We'll take our first question from George Staphos with Bank of America.

Speaker 4

Hi, thank you very much for taking my question and for all the details. Congratulations on the progress so far. My question is about margin. Could you break down the 300 basis point drop we observed compared to the first quarter of 2021? There are some changes in mix, and we are also seeing the effects of inflation. It has been a long time since metal margins were at 6%, probably not since 2005 or 2006. Additionally, could you discuss the mix and margin trends you experienced in Custom Containers? There wasn't much growth in incremental margin, but there were some shifts in business and tougher comparisons following the hygiene boom. Thank you.

Bob Lewis CFO

Hey George. This is Bob. I'll address the metal part of that question. If you look at the year-over-year drop, it decreased from around 9% to about 6%. The main factor contributing to this is the significant inflation we are currently experiencing. When considering that metal prices have risen by over 80%, it accounts for a substantial portion of that change, around 200 basis points. The remainder can be attributed to a less favorable mix and some changes on the volume side as well. This explains the shift to the 6%. It's not surprising that the last time we observed this was around 2005, which was another period marked by a similar, albeit not as severe, inflationary environment concerning raw materials.

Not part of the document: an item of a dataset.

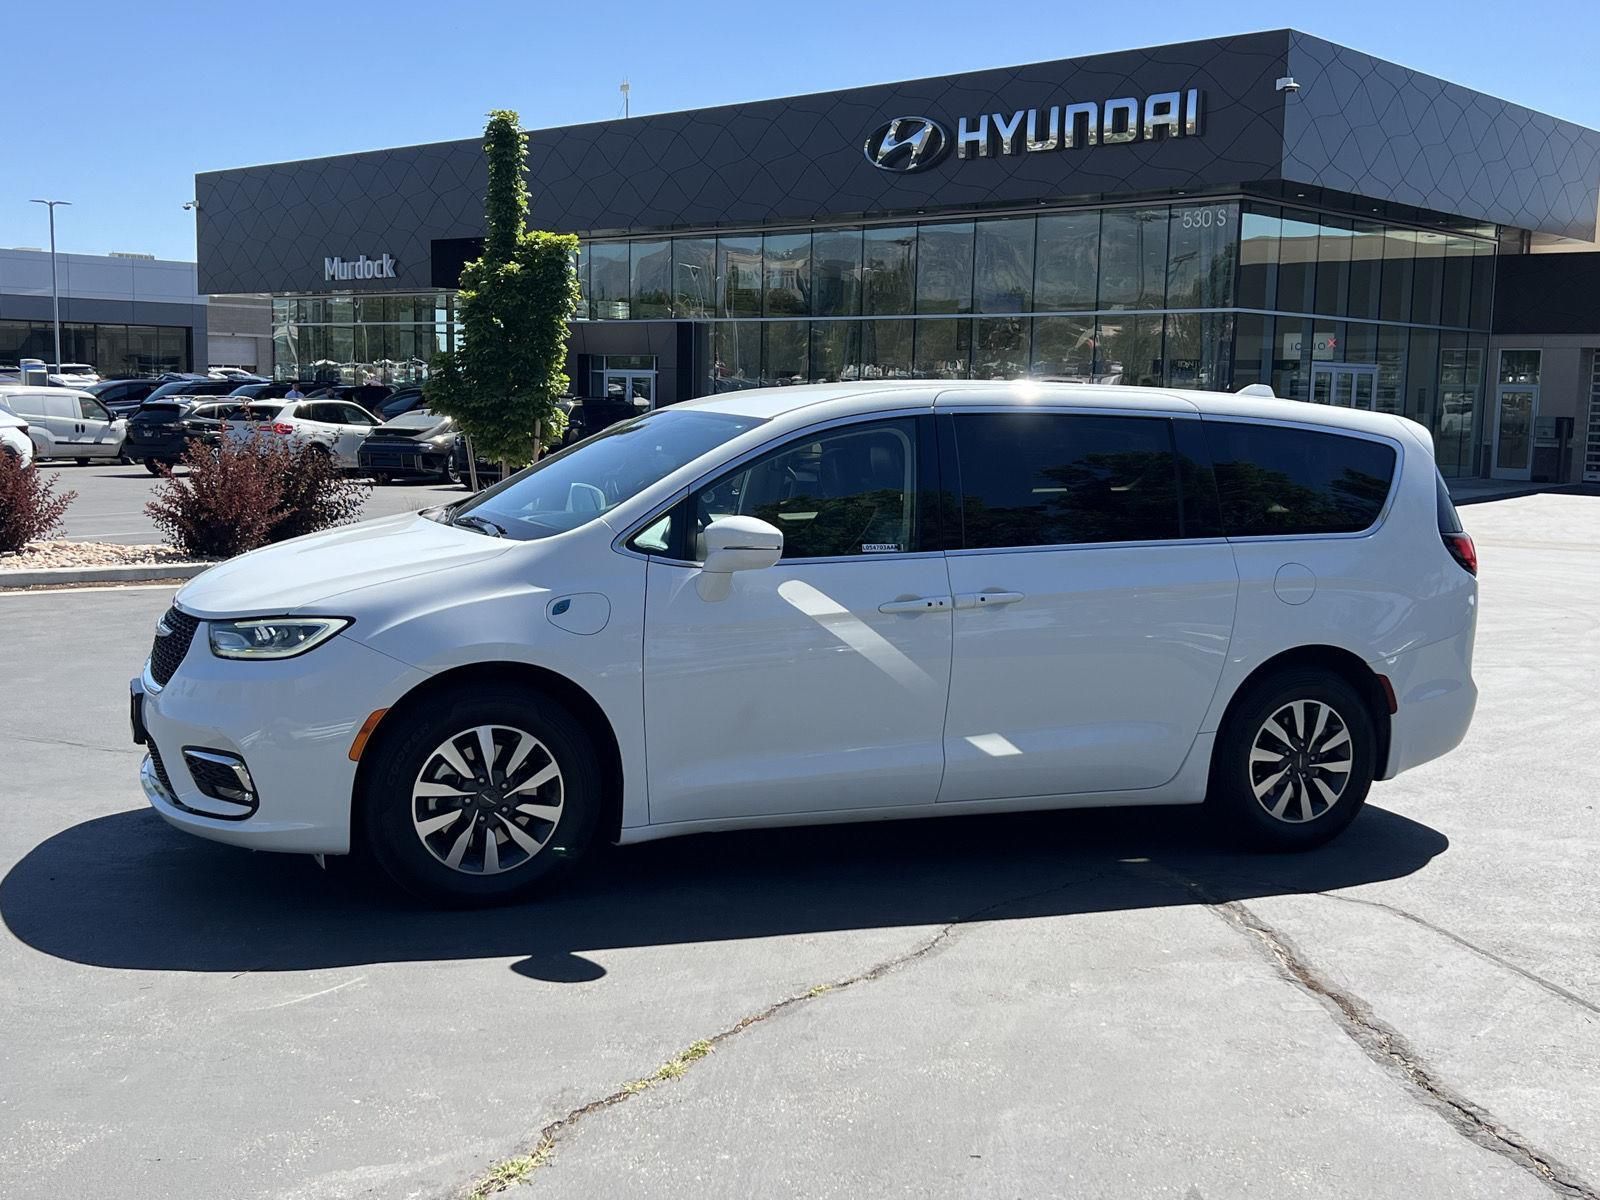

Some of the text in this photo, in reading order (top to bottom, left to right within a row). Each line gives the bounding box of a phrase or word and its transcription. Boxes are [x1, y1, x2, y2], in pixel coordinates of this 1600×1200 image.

[957, 88, 1198, 159] HYUNDAI
[1182, 209, 1227, 229] 530 S
[324, 253, 397, 281] Murdock

And then George when you move over to Custom Containers really the mix change there was some of our customers in our Custom Container segment having difficulties securing ingredients and other packaging raw materials to fill products. So those are typically in some of our smaller packages. So, we did have a greater mix of larger packages that we sold from Custom Containers in Q1 generating us a more favorable mix.

Speaker 4

I will turn it over.

Operator

All right. Your next question will come from the line of Mark Wilde with Bank of Montreal.

Speaker 5

Good morning, Adam, Bob, Kim. I'd like to just talk a little bit about tinplate. There's discussion of tinplate prices moving up even further in 2023. And I wondered if you can just address that issue? And then also touch on any sources of incremental supply that might be available and also whether these continued increases in tinplate are having any impact on demand or maybe prompting people to look at further substitution?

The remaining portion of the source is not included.